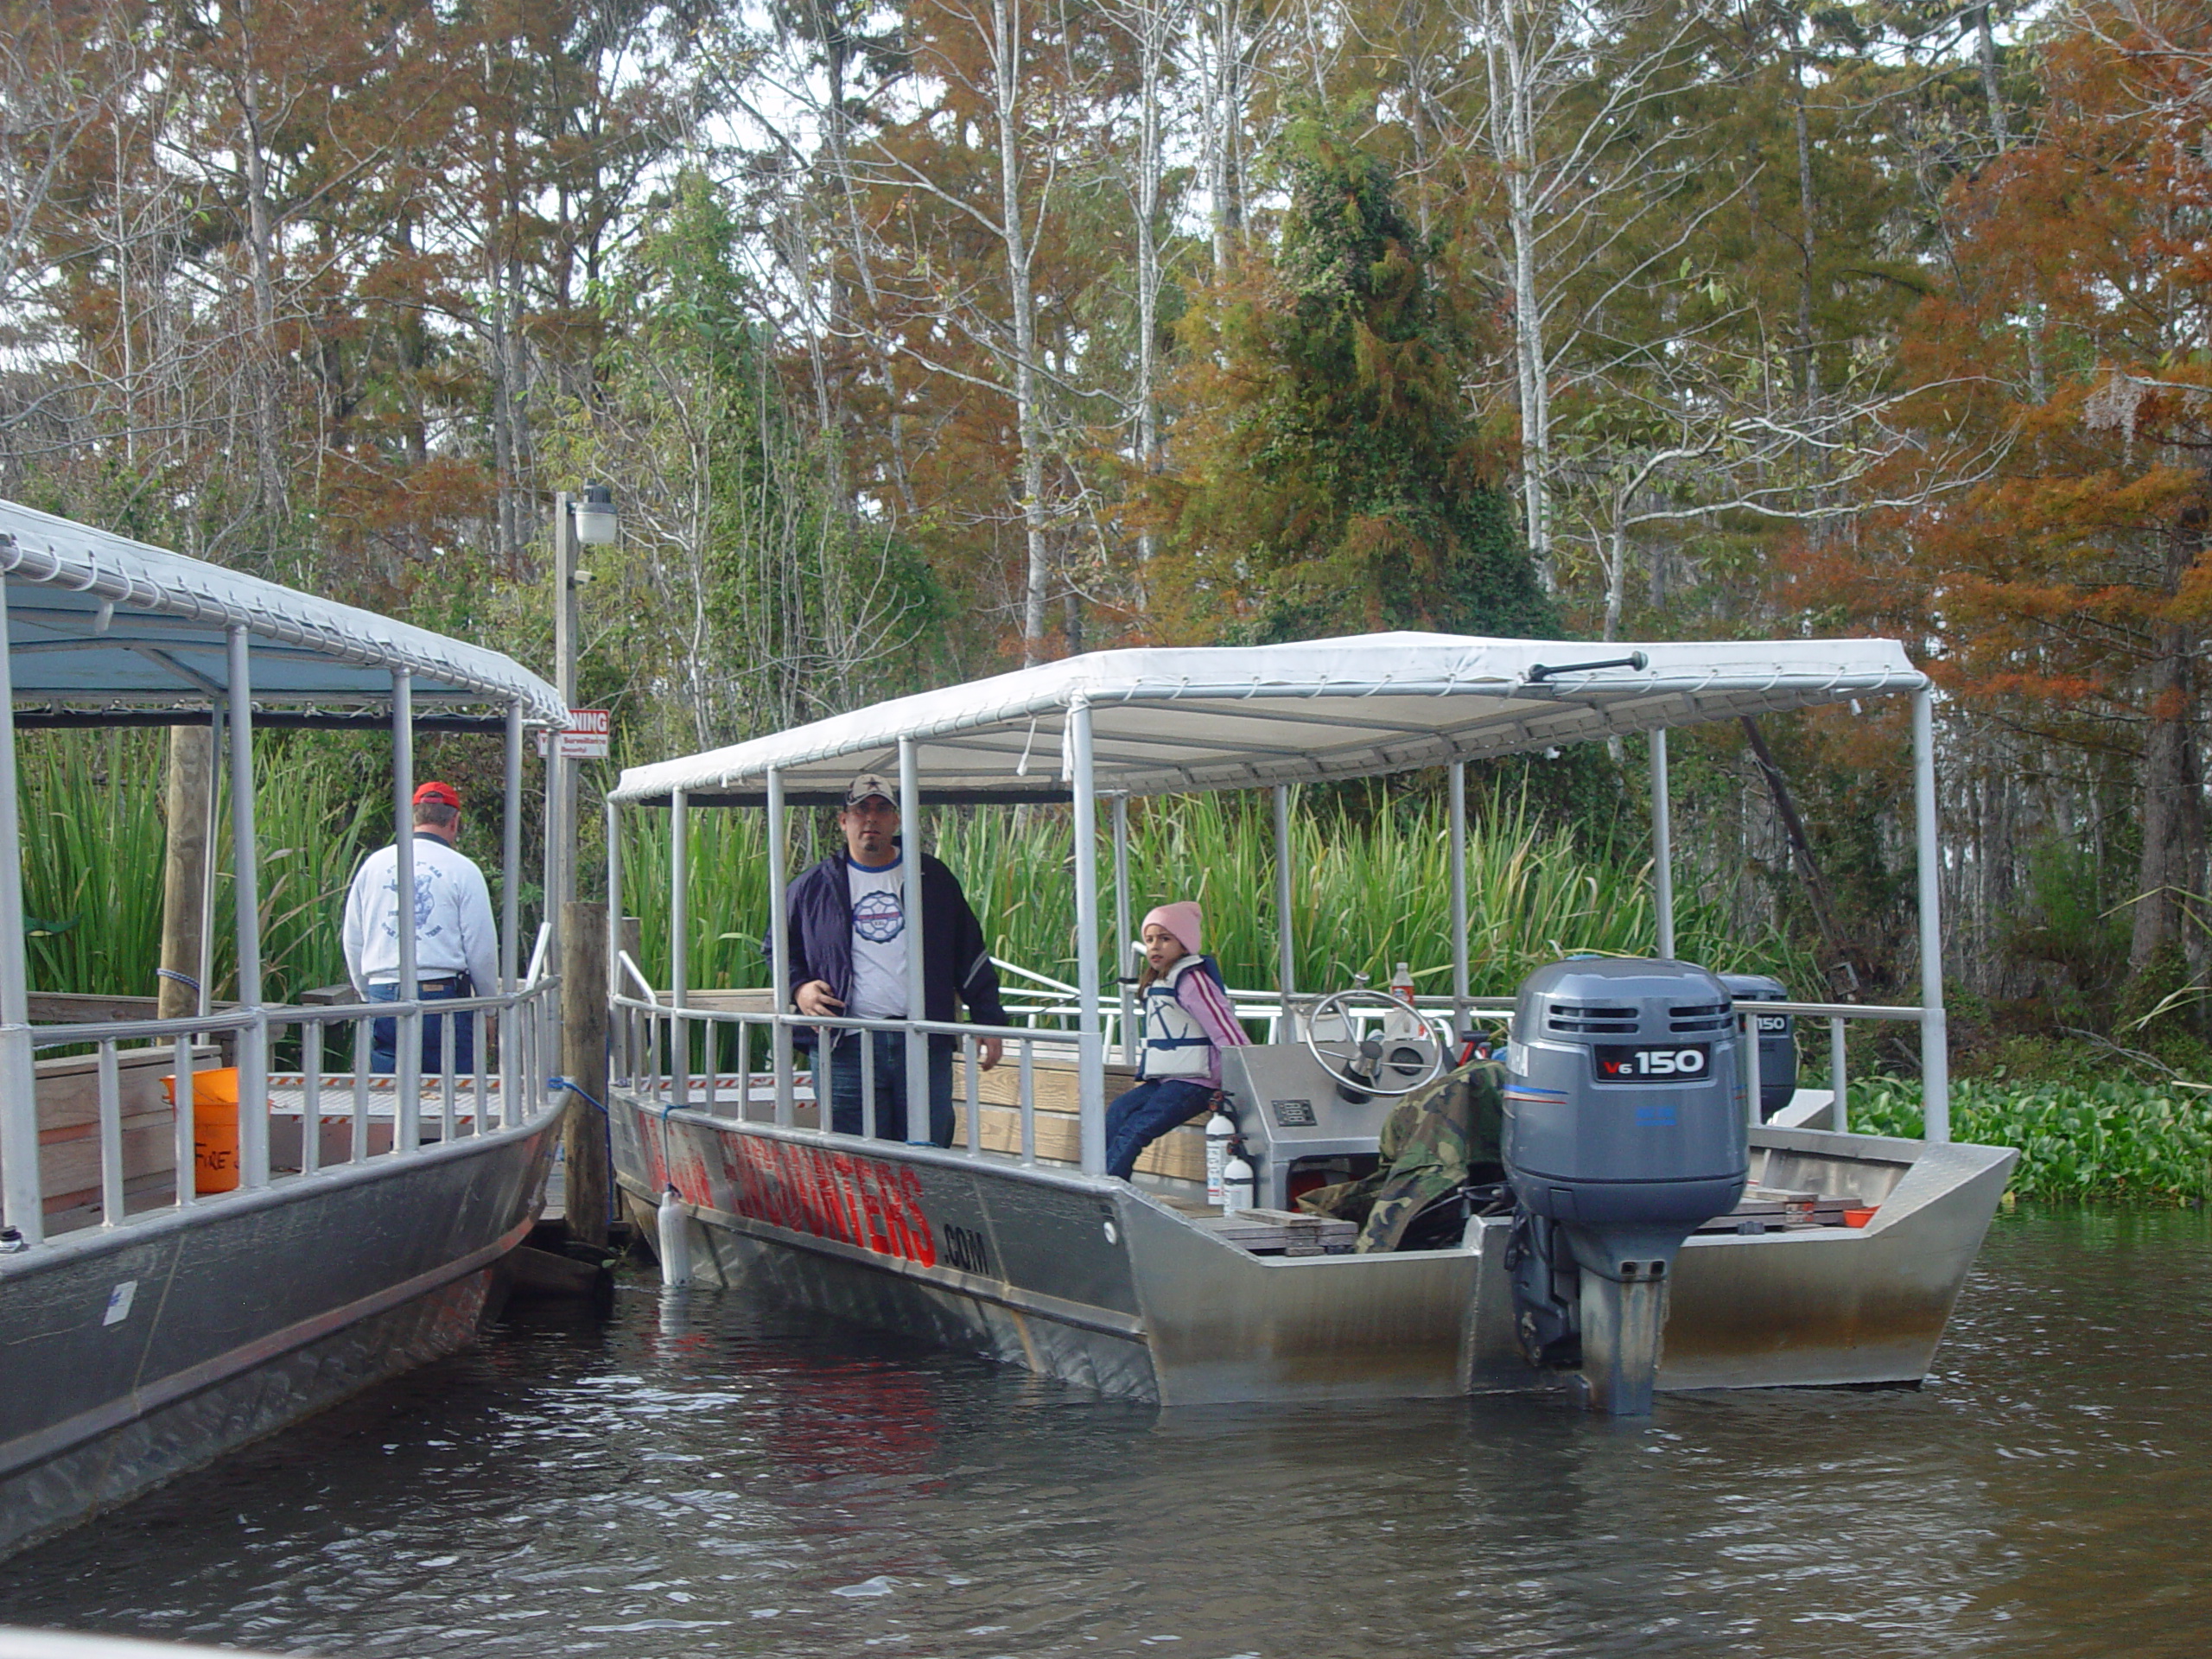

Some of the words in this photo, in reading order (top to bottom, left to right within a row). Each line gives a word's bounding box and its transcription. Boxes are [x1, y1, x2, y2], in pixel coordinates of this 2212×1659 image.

[572, 713, 607, 732] NING
[1757, 1016, 1785, 1030] 150
[1603, 1061, 1633, 1075] V6
[1634, 1049, 1705, 1075] 150

| REQUIRED WORK |
Your job is to transcribe the records exactly and in full. Pictures are not part of the copy.

| OUTPUT FOR THIS TASK |
Some of the words in this photo, in reading order (top to bottom, left to right within a row). Each line gives a word's bounding box and its transcription. Boxes are [x1, y1, x2, y2], in pixel coordinates of this 2212×1659 image.

[572, 713, 607, 732] NING
[1757, 1016, 1785, 1030] 150
[1603, 1061, 1633, 1075] V6
[1634, 1049, 1705, 1075] 150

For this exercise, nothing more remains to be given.